JULIA, EL MEXICANO, MADRID

Desflorar a Julia, ver la nieve en las calles de Madrid, pensar en México…

El Mexicano miró por la ventana. Nevaba ligeramente aquella noche en Madrid. Diciembre de 2008 anunciaba un invierno frío y húmedo.

La muchacha dormía desnuda en la cama. Una cara de ángel, piel tierna y tibia. Ojos cerrados, entregada al destino. Se había movido un poco cuando entró en la habitación. Estaba un poco de costado, con un brazo reposando en la almohada. La vista del Mexicano se perdió en los pechos de la joven, y fue descendiendo por el ombligo, las caderas, los muslos, blancos, bien torneados, mórbidos, obsesionantes…

Estaba en su viejo piso de la calle De la Cruz, en el Barrio de Las Letras, cerca de la Plaza de Canalejas, alquilado cuando era un joven mexicano de Monterrey asignado por primera vez por su poderoso padre al Consejo de Administración de la Financiera en Madrid, ahora en el Complejo de Azca, hacía más de treinta años, y al que nunca había renunciado, ni tan sólo después de su matrimonio con Soledad, una noble dama española cinco años mayor que él, que había adquirido como residencia familiar una lujosa torre en el barrio de La Moncloa, además de su extensa finca en los páramos al norte de la Sierra.

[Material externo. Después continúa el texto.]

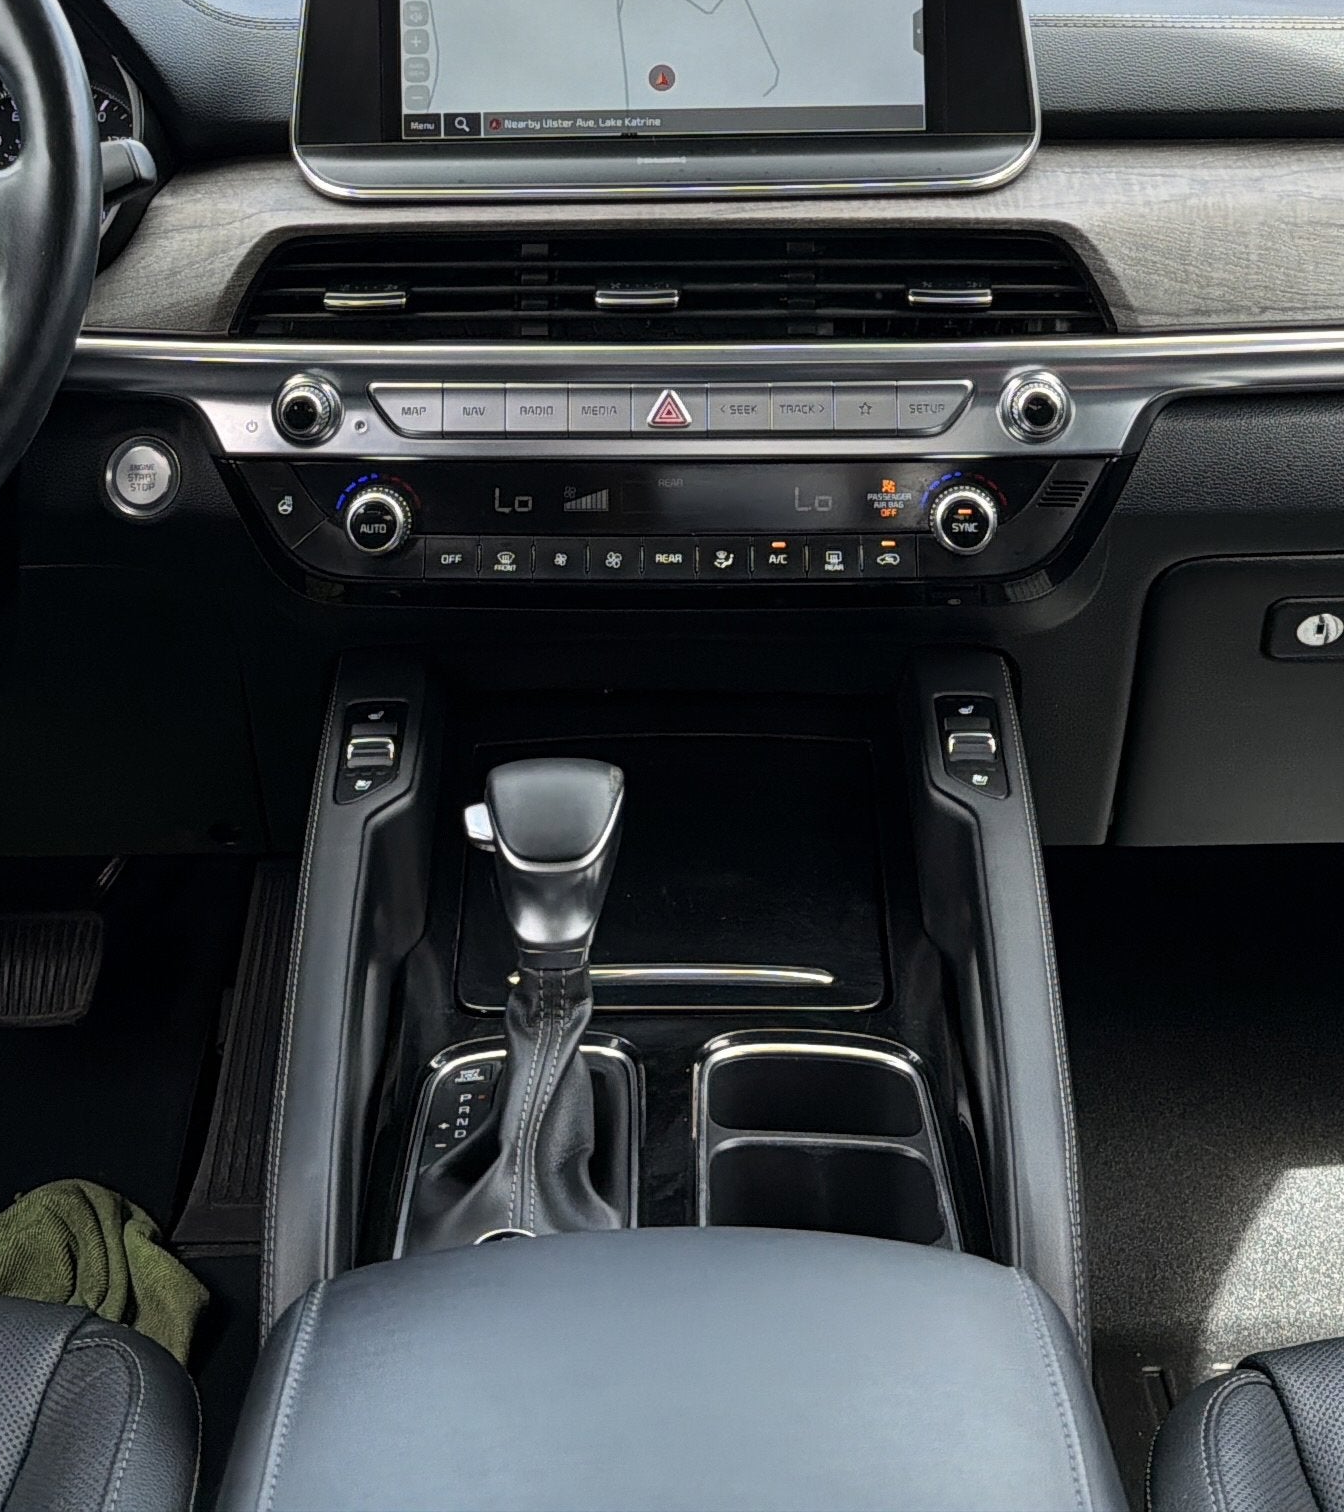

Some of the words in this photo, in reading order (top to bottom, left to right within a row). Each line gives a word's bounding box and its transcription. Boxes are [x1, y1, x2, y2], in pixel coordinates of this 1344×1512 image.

[410, 121, 435, 131] Menu
[504, 119, 541, 131] Nearby
[542, 118, 572, 128] Ulster
[598, 117, 623, 127] Lake
[624, 117, 662, 126] Katrine
[401, 406, 427, 416] MAP
[462, 406, 486, 416] NAV
[519, 405, 554, 416] RADIO
[581, 405, 617, 415] MEDIA
[730, 404, 758, 414] SEEK
[779, 404, 815, 414] TRACK
[909, 403, 945, 414] SETUP
[127, 473, 157, 482] START
[130, 483, 155, 492] STOP
[867, 492, 912, 501] PASSENGER
[873, 500, 887, 509] AIR
[888, 500, 905, 509] BAG
[880, 508, 898, 517] OFF
[360, 523, 386, 534] AUTO
[951, 522, 979, 533] SYNC
[440, 555, 462, 565] OFF
[656, 553, 682, 563] REAR
[769, 553, 788, 565] A/C
[459, 1093, 472, 1103] P
[458, 1105, 470, 1115] R
[456, 1117, 469, 1127] N
[454, 1129, 467, 1138] D

Pero siempre allí, en la calle De la Cruz, le aguardaba la intimidad de su secreto refugio, su antiguo picadero de soltero, cerca de las noches del Madrid más canalla. Algo que le daba aliciente a la vida. Además, claro, de la casa que poseía en un barrio tranquilo de Monterrey, su población natal, en México, entre Fundidora y el aeropuerto, cerca del rio, donde solía ir cuando deseaba estar tranquilo con alguna muchacha, lejos de la marquesa y el resto de la familia. ..

Unos lugares únicos, su piso del barrio de Las Letras y su casa de Monterrey, en los que sólo existía él, fuera de los negocios y de sus inevitables ritos y convenciones, lejos por unas horas de la soledad de los fríos pasillos del Complejo de Azca. Y también lejos de la marquesa, su esposa, y de los insoportables y ruidosos nietos que frecuentemente invadían todos los espacios de la residencia. A veces le entraban ganas de dejarlo todo y perderse un tiempo en las soledades del mar interior de la Baja California mexicana.

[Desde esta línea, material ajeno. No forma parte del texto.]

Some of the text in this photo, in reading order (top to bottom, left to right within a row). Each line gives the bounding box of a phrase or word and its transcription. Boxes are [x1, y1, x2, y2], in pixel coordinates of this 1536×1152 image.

Además, su querido piso del barrio de Las Letras había sido testigo todos aquellos años de las experiencias amorosas que habían ido alegrando y llenando su aburrida vida de casado con Soledad. Una gran dama y excelente e irreprochable esposa, madre y abuela, por otra parte.

Le gustaba perderse los domingos por el mercado del Rastro madrileño, eligiendo sin comprar demasiado entre los miles de objetos de segunda mano que le gustaría llevarse al piso. Y adoraba los escasos días en los que podía meditar tranquilo, sin apenas turistas, paseando por las pinturas del Prado. O, incluso, gozar de la serenidad de los paseos por El Retiro, mientras parejas jóvenes se miraban a los ojos en las barcas del estanque.

Más allá del filtro húmedo de la ventana, las gotas de lluvia y aguanieve acariciaban las calles y tejados de la ciudad. Llegó el sonido lejano de unas campanas, tal vez eran las dos o las tres de la madrugada. Recordó la cita que tenía dos días después con unos canónigos en La Almudena.

Rodolfo Emiliano –así se llama el Mexicano-, hizo un pequeño dibujo de un corazón en la tela de humedad condensada que se estaba formando en el cristal de la ventana. Había un ambiente confortable, la calefacción era eficiente y mantenía la temperatura que él había elegido, veinticuatro grados, en la vivienda, ideal para estar desnudo sin preocuparse de resfriados, aunque algo superior a los veintiuno que recomendaban los ecologistas.

Suspiró y se giró hacia la cama. Vio de nuevo el delicioso cuerpo dormido de la joven, cubierto únicamente por unas braguitas que resaltaban la blancura de sus muslos. Había tardado más de lo previsto, un problema urgente de una de sus empresas en Bolivia le había retenido con los ejecutivos del consejo, hasta que consiguió convencerlos de acceder a la rebaja del precio de la partida de maquinaria que habían vendido al gobierno de Evo. Más valía ganar menos pero asegurar la operación, a veces parecía mentira que no entendiesen conceptos tan simples. Julia había acabado durmiéndose, debía de estar muy cansada. Pero le había esperado, no había marchado.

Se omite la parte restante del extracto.